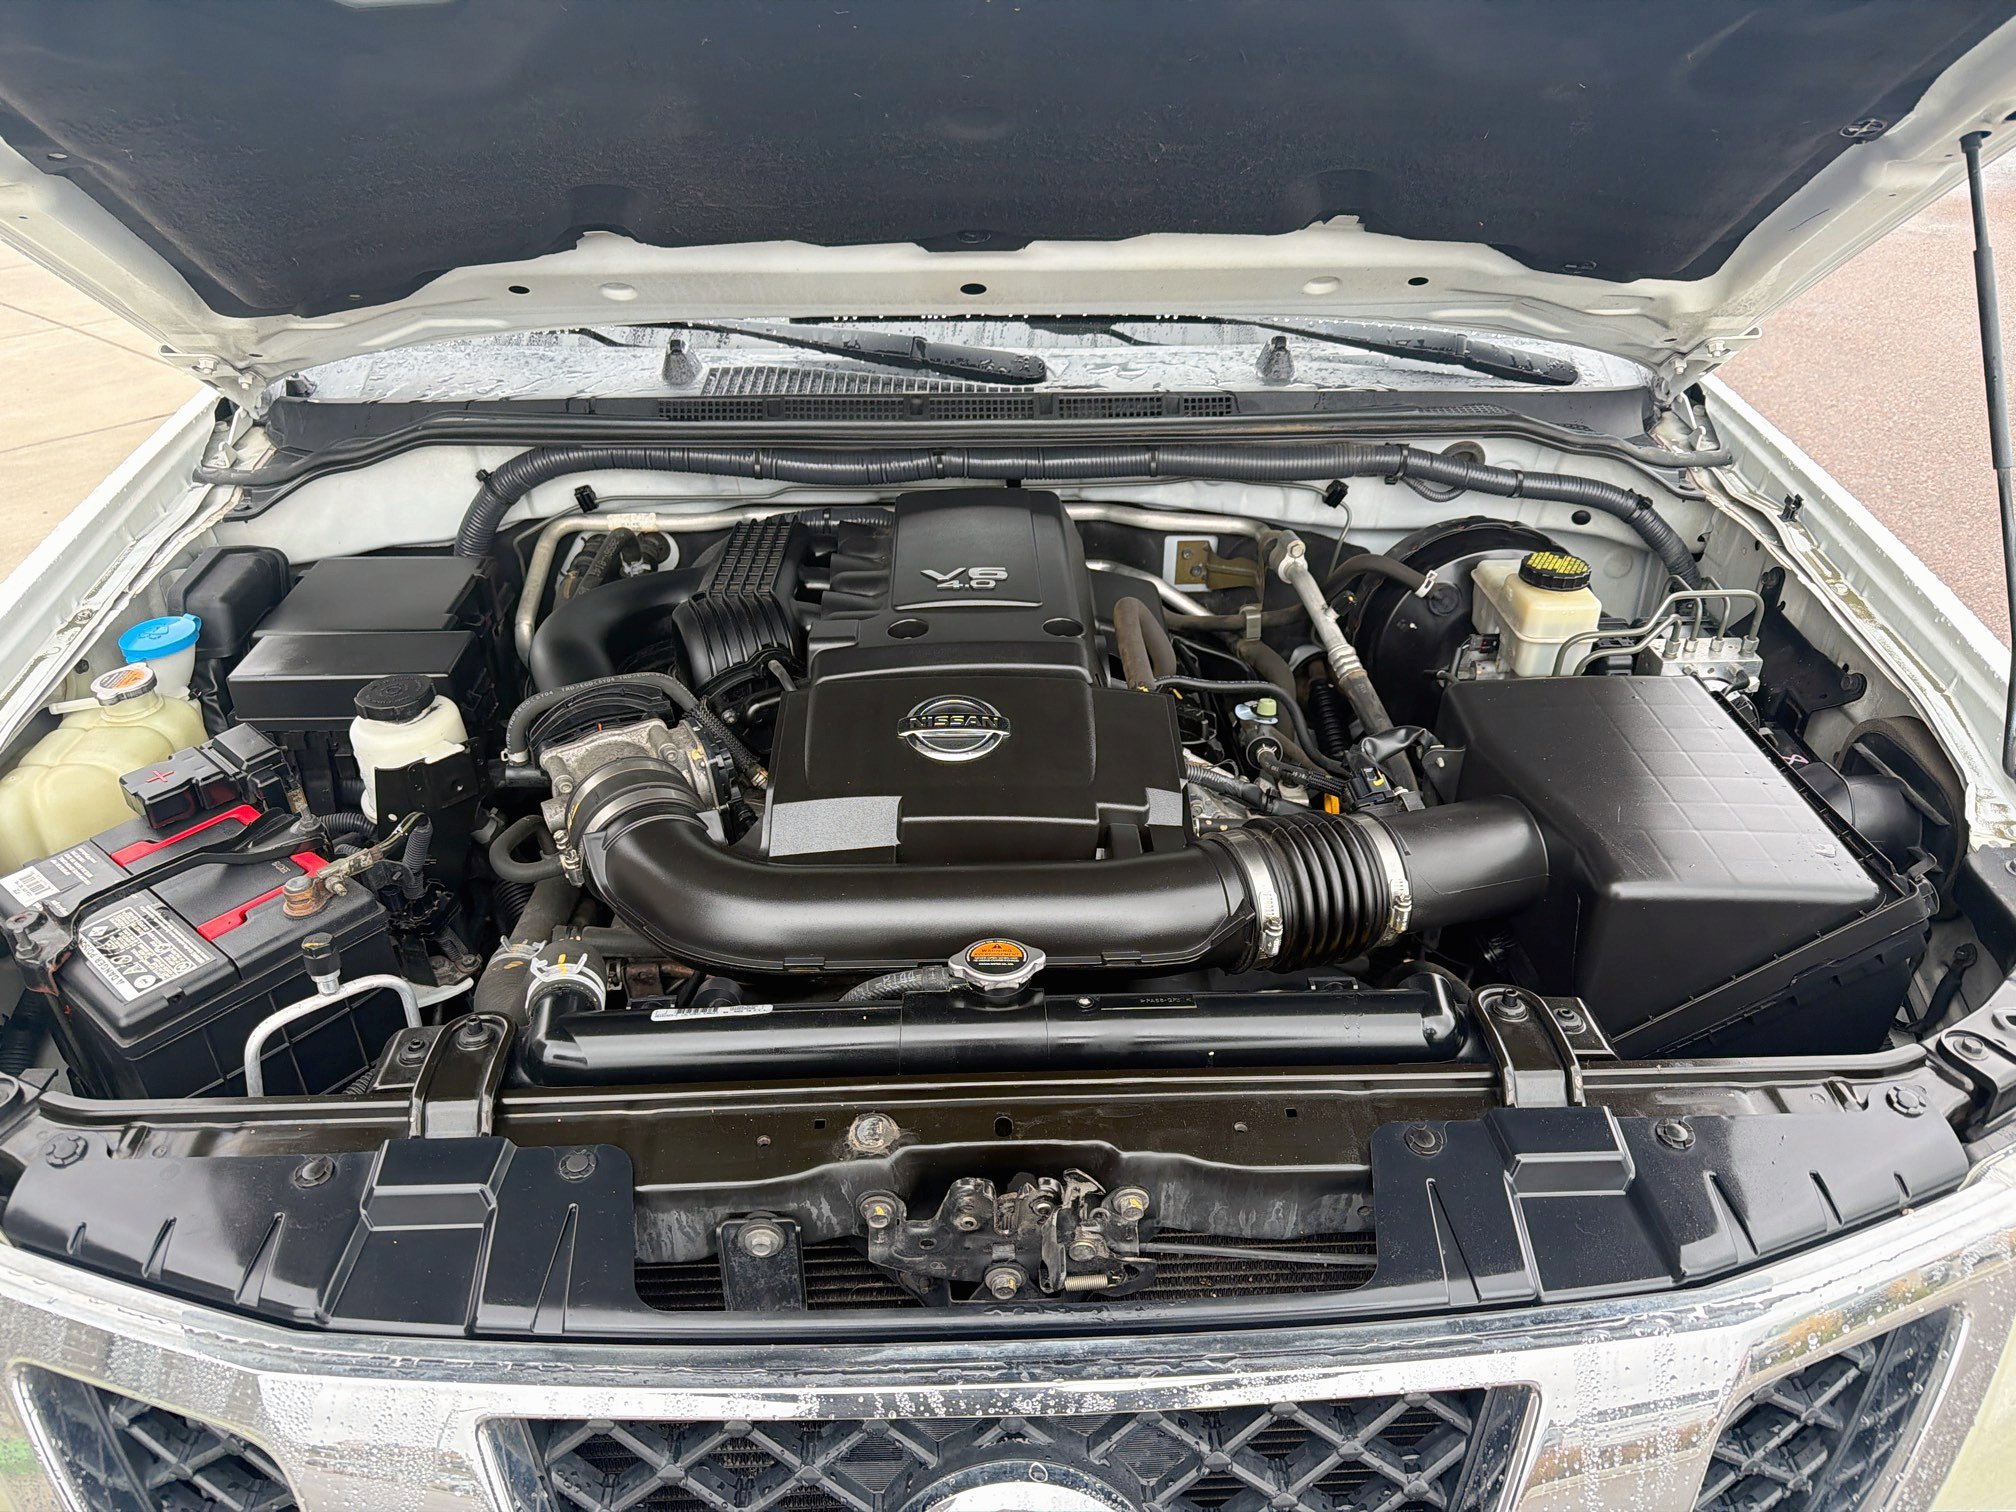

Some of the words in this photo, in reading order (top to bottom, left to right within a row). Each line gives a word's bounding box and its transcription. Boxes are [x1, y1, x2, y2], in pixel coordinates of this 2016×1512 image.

[920, 567, 1008, 582] V6
[937, 580, 996, 590] 4.0
[909, 715, 999, 730] NISSAN
[94, 956, 119, 981] DANGER

☆ ☆ ☆

◆ **What is being asked**
Above are the records; transcribe them exactly without the pictures.

◆ **Your solution**
Some of the words in this photo, in reading order (top to bottom, left to right within a row). Each line gives a word's bounding box and its transcription. Boxes are [x1, y1, x2, y2], in pixel coordinates of this 2016×1512 image.

[920, 567, 1008, 582] V6
[937, 580, 996, 590] 4.0
[909, 715, 999, 730] NISSAN
[94, 956, 119, 981] DANGER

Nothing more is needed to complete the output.